Leandre is one of those rare musicians that, for many years, you know you love intuitively. For years you closely follow their careers—collecting every item in their rich discographies; reading every review about their releases; and studying their musical and artistic collaborators' resumes in order to get a better sense of their world. You spend hours on the internet trying to figure out how to lay your hands on one of their recordings for a remote Japanese label, and than you meet them and it all makes sense.

The more you get to know Leandre, the more you love her as an artist and as a human being. She is much more than one of the greatest bass players living today, a musician with amazing technique and a rich vocabulary on her instrument; she's a musician that can weave her extensive knowledge of classical music with the compositional innovations of the last century's most forward-thinking composers, the evolutionary development of free jazz and the non-idiomatic free improvisation into a daring and coherent body of work.

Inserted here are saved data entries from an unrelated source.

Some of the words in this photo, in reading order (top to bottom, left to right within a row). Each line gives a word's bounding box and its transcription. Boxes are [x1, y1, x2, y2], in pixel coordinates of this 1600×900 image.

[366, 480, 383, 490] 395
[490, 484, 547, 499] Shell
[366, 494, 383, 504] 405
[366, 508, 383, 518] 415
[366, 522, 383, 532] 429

She is so passionate and articulate about her art—idealistic and political outspoken, funny and unpretentious—that you're easily drawn totally into her world. And than all around her seems and sounds obvious—her cellular ring-tone of the Tarzan howl ("the real Johnny Weissmuller," she confirms), the touch of her hands that can malfunction electric gadgets, her gentle bowing of the bass that hypnotized the deaf, old dog of her host, Israeli bass comrade Jean Claude Jones, or the passionate way that she uses to drive shy and careful students during her master classes to the complete musical unknown, just by telling them, "Have fun and love each other."

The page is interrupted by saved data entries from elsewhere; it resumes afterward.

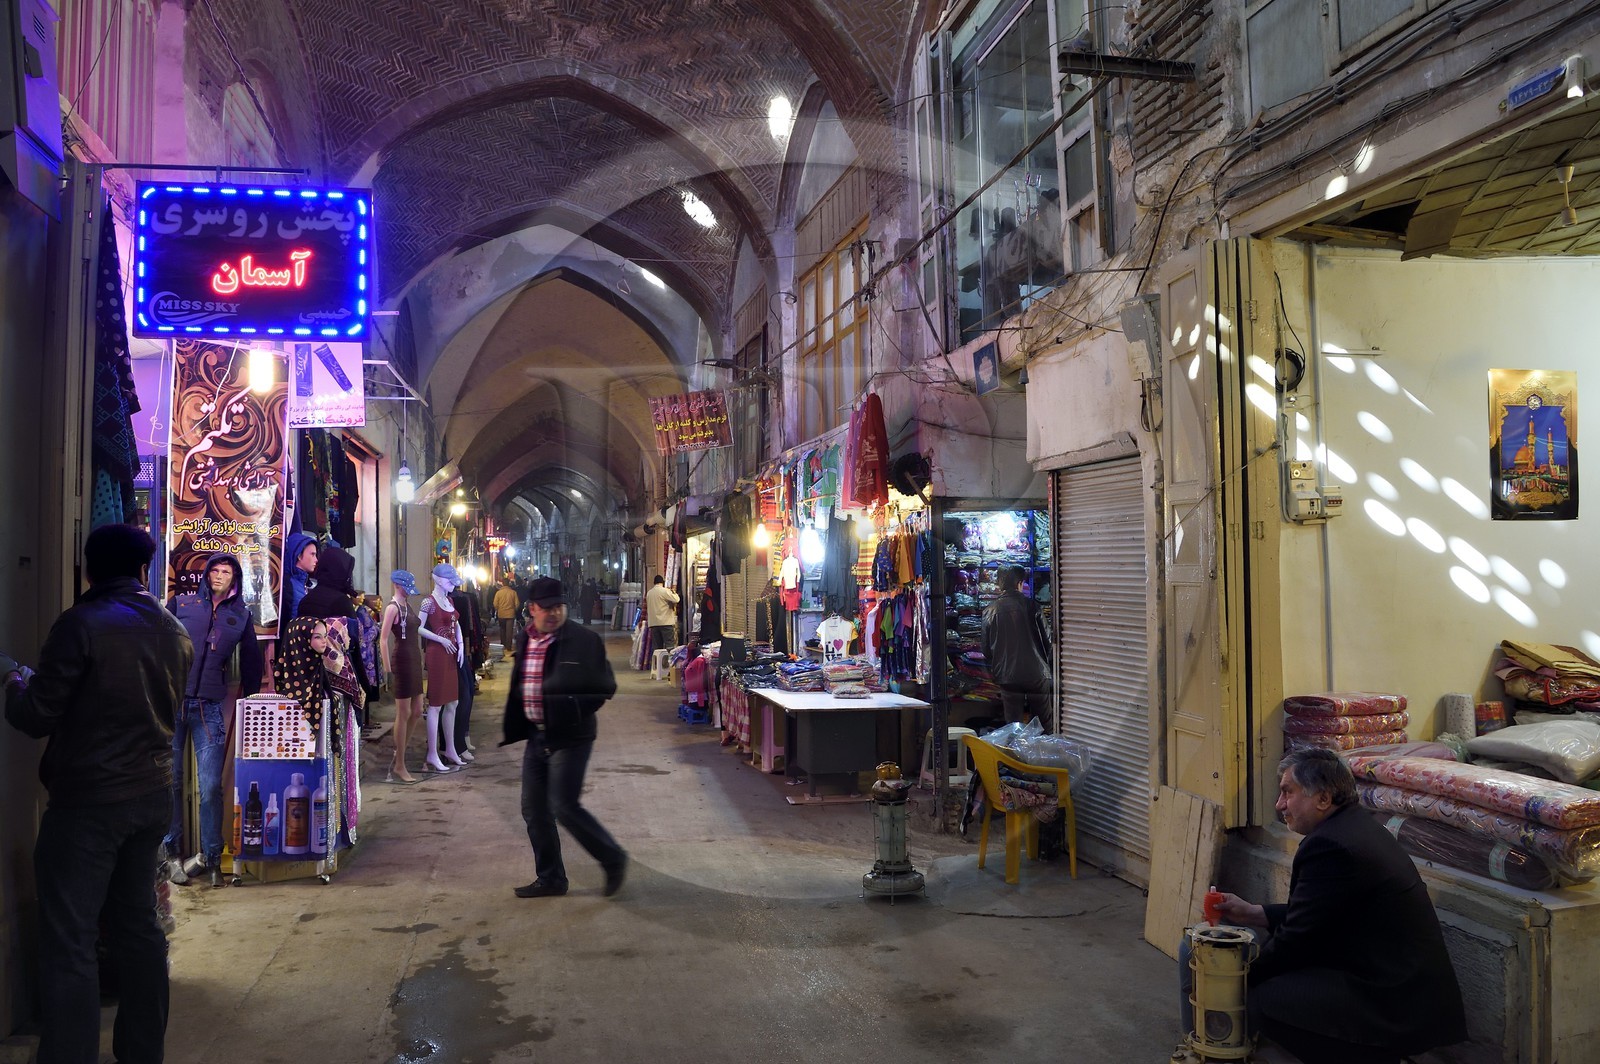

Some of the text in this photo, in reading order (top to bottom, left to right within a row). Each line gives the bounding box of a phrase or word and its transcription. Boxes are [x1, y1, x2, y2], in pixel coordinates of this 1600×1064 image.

[152, 200, 356, 246] پخش روسری
[212, 248, 312, 295] آسمان
[159, 300, 241, 313] MISS SKY
[317, 413, 364, 426] فروشگاه
[231, 476, 239, 487] و
[172, 518, 211, 535] آرایشی
[210, 520, 237, 535] لوازم
[237, 523, 256, 534] کننده
[193, 539, 260, 554] عروس و داماد

2008 is going to be an important one for Leandre. She is about to publish an autobiographical book, a documentary film about her will be released in the spring to film festivals around Europe, and some intriguing recordings including a recent duet reunion with Anthony Braxton—twenty years after she first played in his ensemble—and a first recorded collaboration with trumpeter Roy Campbell are also due to be released.

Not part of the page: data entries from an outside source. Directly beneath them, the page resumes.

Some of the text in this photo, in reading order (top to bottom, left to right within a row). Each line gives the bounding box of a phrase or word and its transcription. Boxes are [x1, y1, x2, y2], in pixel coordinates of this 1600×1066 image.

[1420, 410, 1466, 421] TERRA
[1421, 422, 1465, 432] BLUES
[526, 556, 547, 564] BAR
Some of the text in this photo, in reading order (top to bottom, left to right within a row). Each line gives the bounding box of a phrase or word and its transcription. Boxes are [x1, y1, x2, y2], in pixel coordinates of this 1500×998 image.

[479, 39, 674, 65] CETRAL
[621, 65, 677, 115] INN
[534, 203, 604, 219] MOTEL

Leandre played four concerts in Israel—a first-time duet with oudist Sameer Makhoul at the Oud Festival of Jerusalem; a trio with bassist Jean Claude Jones and reedman Steve Horenstein; a sextet with saxophonists Assif Tsahar, Albert Beger and Ariel Shibolet, pianist Daniel Sarid and drummer Haggai Freshtman; and a solo bass recital. All were recorded for future release. The interview with Leandre was conducted in Jerusalem, with the kind help of Jean Claude Jones, who assisted in translating from French into English.

Chapter Index

  1. The Subversive Leandre
  2. The Beginning: Liberating the Bass
  3. The Great Teachers: John Cage, Derek Bailey and Giacinto Scelci
  4. Free Improvisation and Feminism

The Subversive Leandre

"All my life is meetings and experiences, chaos, pure accidental connections, archeology of sounds, loves," says Leandre. "And you have to be open to all these meetings and experiences, to say yes to them. And I try to mix all of these meetings and experiences and put it in my music. For twenty-five years I learned the classical music, the new music and the free jazz, this is my trilogy. Black jazz gave me a lot, the political thing to play your music, it liberates you. Jazz is so important, it gives the impression, expression and humanity of freedom, and we don't have it in white music. The graphic scores of the new music composers are also important. They open possibilities for you as a musician. Humans, too, live in a kind of trilogy, and music too. There is the brain, the thinking; then the heart, the soul, the feelings and beat; and than the sex, the jubilation of the body, the way music goes through all your body, a vibration, life is vibration. This is my trilogy.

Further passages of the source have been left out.